Later on, while we were doing a final polish on the kitchen (and sipping eggnog), I asked her if she remembered why we used to call the Bale Road Bridge the
“It was your old friend who thought that up. The one I had such a crush on.”
“Charlie Keen,” I said. “I haven’t seen him in a dog’s age. Except on TV. The poor man’s Sanjay Gupta.”
She whacked my arm. “Jealousy doesn’t become you, dear. Anyway, we were fishing from the bridge one day-you know, with those little poles we all had- and Charlie peered over the side and said, ‘You know, anyone who fell off this thing could not fail to kill themselves.’ It just struck us funny, and we laughed like maniacs. You don’t remember that?”
But then I did. Bale Road Bridge became Fail Road Bridge from that day on. And what old Charlie said was true enough. Bale Stream is very shallow at that point. Of course it flows into the Androscoggin (probably you can see the merging-point from Ackerman’s Field, although I never noticed), which is a lot deeper. And the Androscoggin flows to the sea. World leads onto world, doesn’t it? Each deeper than the last; this is a design all the earth proclaims.
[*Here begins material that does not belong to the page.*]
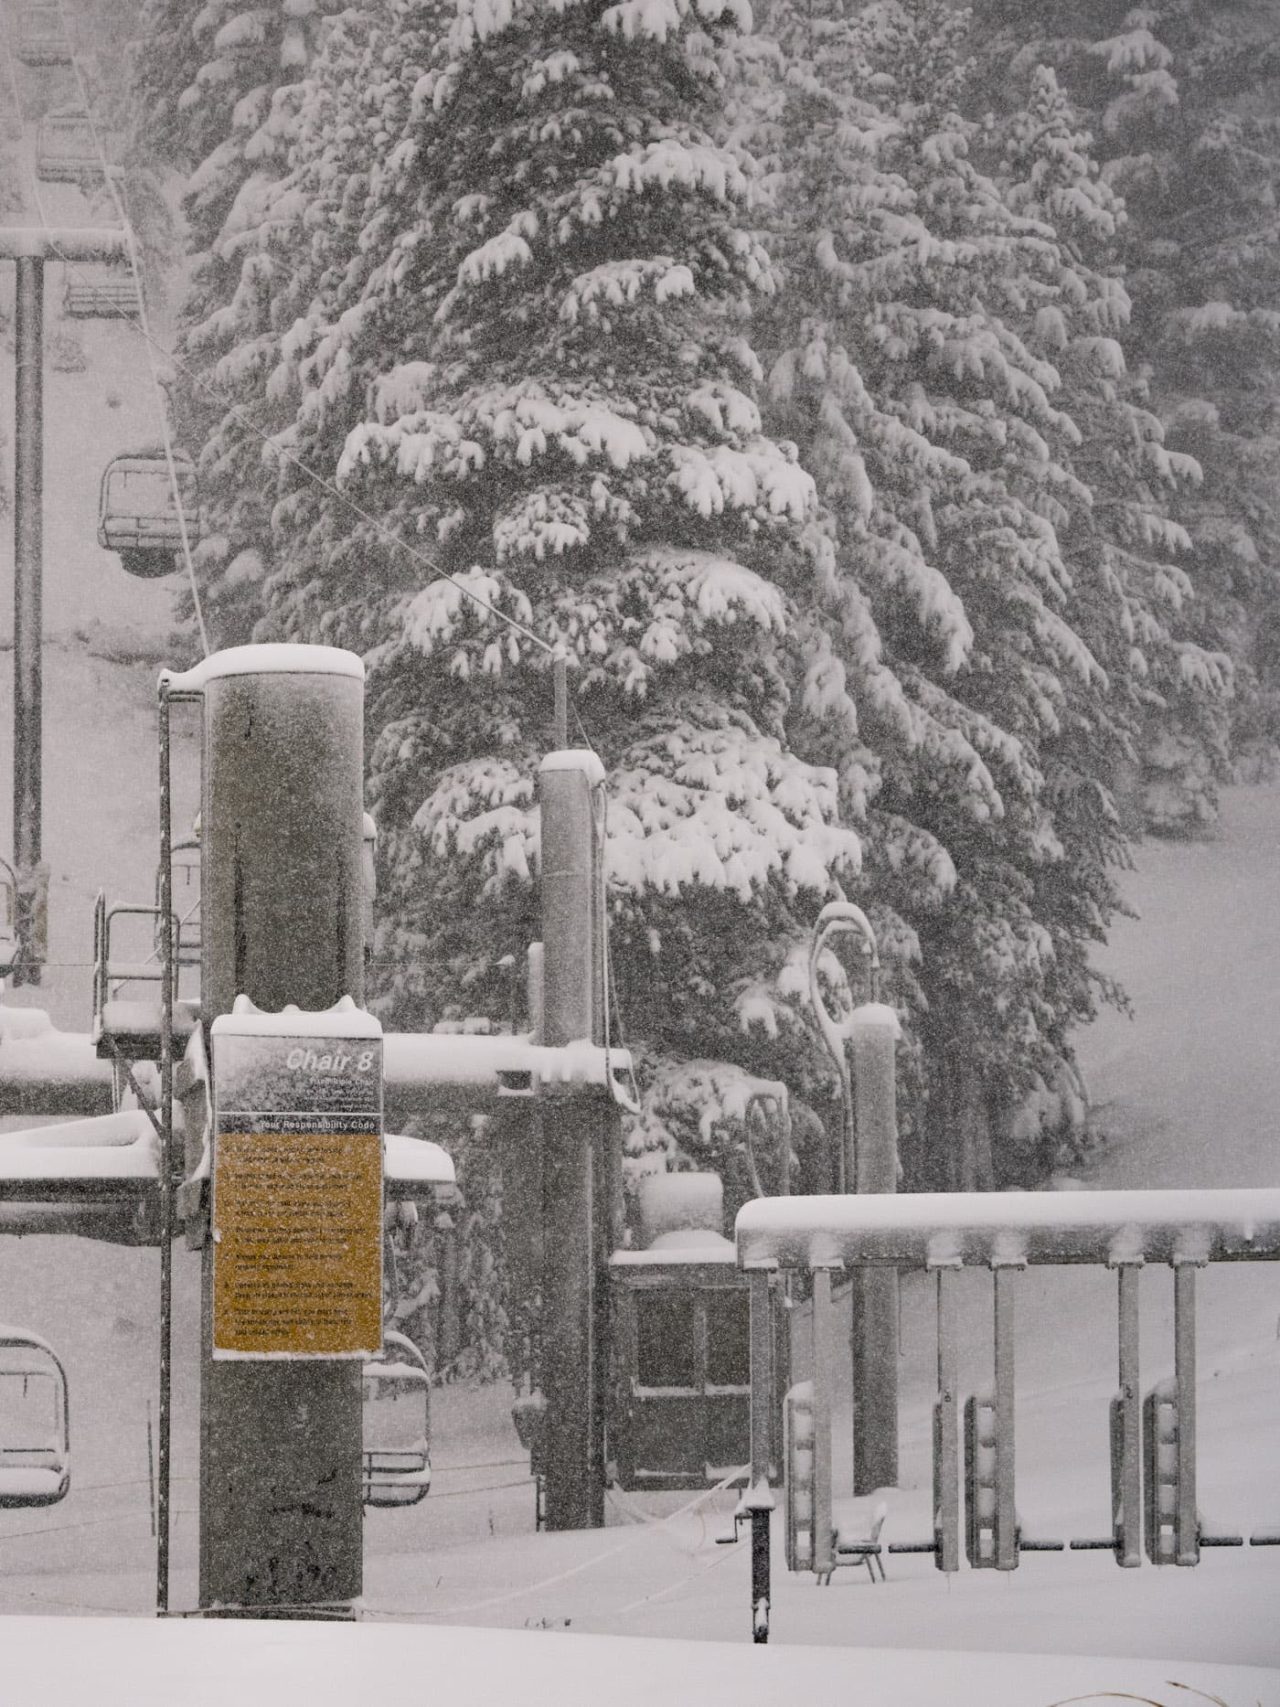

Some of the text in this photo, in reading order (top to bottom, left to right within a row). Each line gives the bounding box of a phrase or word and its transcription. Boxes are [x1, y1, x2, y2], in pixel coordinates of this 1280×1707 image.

Don and Seth came back in, Sheila’s big guy and her little guy, all dusted with snow. We had a group hug, very New Age, and then I drove home listening to Christmas carols. Really happy for the first time in ever so long.
I believe these notes…this diary…this chronicle of madness avoided (perhaps by bare inches, I think I really did almost “go over the bridge”)…can end now.
Thank God, and merry Christmas to me.